Author’s reponse: I thank the Reviewer for his/her comments. Further details have been provided in the new version, in response to the Reviewers 1 and 2.

Round 2

Reviewer 1 Report

I am thankful to the author for this revised version.  Almost all the comments and suggestions have been addressed. 

I have two further requests /comments:

1) Regarding the Figure 1, I understand the necessity to illustrate a simple and schematic model. However, the color choice and the different representations of white matter are not well explained. I suggest then, to implement the figure legend describing the colors and the forms displayed to increase readability of the figure and of the whole score model.

2) I appreciate the table summarising the general recommendations based on the model. However, I would recommend different mentions for radiotherapy and chemotherapy over time. It is of paramount importance to not induce genomic instability or myelin damage in young patients ultimately affecting the metaplastic potential when it is not strictly needed. I assume the author would leave the indication for radiotherapy when surgery is not possible anymore. In my opinion this is an important aspect, since the recent EANO guidelines include radiotherapy as a possible treatment already after the first surgery even in IDH mutated WHO grade 2 Astrocytomas.

Based on the extensive experience of the author, I would therefore, recommend to add, in the management column, a specific mention suggesting the best timing for radiotherapy or chemotherapy according to the score model.

 

Author Response

I am thankful to the author for this revised version. Almost all the comments and suggestions have been addressed.

I have two further requests /comments:

1) Regarding the Figure 1, I understand the necessity to illustrate a simple and schematic model. However, the color choice and the different representations of white matter are not well explained. I suggest then, to implement the figure legend describing the colors and the forms displayed to increase readability of the figure and of the whole score model.

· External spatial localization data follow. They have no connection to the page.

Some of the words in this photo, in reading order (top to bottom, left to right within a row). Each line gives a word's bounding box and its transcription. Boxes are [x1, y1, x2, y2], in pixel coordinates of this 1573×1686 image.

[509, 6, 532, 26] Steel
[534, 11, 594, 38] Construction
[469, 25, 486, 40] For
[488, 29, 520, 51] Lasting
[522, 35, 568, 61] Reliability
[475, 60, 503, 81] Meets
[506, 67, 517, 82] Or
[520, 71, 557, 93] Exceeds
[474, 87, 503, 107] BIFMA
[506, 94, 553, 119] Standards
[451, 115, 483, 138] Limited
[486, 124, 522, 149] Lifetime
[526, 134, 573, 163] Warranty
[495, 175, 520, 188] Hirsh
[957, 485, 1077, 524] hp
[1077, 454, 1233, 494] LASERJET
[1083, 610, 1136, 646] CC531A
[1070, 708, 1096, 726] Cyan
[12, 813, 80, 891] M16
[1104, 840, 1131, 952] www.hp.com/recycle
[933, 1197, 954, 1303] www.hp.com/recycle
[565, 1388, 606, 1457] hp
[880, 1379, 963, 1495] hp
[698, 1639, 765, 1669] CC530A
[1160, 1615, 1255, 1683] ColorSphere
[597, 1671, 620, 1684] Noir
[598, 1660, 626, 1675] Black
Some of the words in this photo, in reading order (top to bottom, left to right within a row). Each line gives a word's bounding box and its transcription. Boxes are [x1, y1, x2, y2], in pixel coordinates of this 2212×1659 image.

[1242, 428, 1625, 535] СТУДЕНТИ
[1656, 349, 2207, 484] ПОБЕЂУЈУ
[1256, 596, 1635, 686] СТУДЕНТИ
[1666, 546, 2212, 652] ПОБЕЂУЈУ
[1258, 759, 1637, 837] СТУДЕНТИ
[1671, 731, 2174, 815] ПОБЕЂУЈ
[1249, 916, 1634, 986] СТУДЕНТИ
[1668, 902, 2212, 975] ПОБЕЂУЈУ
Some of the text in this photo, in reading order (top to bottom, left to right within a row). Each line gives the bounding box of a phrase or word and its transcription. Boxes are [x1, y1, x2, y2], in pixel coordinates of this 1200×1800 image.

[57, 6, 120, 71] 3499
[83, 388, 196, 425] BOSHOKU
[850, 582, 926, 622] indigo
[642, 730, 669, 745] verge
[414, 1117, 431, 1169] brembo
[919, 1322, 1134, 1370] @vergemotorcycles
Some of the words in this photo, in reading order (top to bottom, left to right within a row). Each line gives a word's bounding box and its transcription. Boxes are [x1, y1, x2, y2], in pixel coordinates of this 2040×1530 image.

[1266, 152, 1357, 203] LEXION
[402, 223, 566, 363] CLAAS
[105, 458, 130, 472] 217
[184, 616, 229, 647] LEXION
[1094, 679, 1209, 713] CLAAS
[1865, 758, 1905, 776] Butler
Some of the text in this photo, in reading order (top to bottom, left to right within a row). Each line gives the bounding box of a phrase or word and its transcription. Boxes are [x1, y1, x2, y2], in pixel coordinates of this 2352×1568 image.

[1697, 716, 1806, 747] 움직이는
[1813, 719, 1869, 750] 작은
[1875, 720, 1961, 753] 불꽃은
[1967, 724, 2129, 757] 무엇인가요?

Author’s reponse: The figure legend has been implemented, with more details regarding the colors and the forms displayed.

 

2) I appreciate the table summarising the general recommendations based on the model. However, I would recommend different mentions for radiotherapy and chemotherapy over time. It is of paramount importance to not induce genomic instability or myelin damage in young patients ultimately affecting the metaplastic potential when it is not strictly needed. I assume the author would leave the indication for radiotherapy when surgery is not possible anymore. In my opinion this is an important aspect, since the recent EANO guidelines include radiotherapy as a possible treatment already after the first surgery even in IDH mutated WHO grade 2 Astrocytomas.

Author’s reponse: The Table 1 has been completed, with more details regarding the indication for radiotherapy versus chemotherapy.

Round 3

Reviewer 1 Report

Thanks to the author for revising the manuscript according to my suggestions.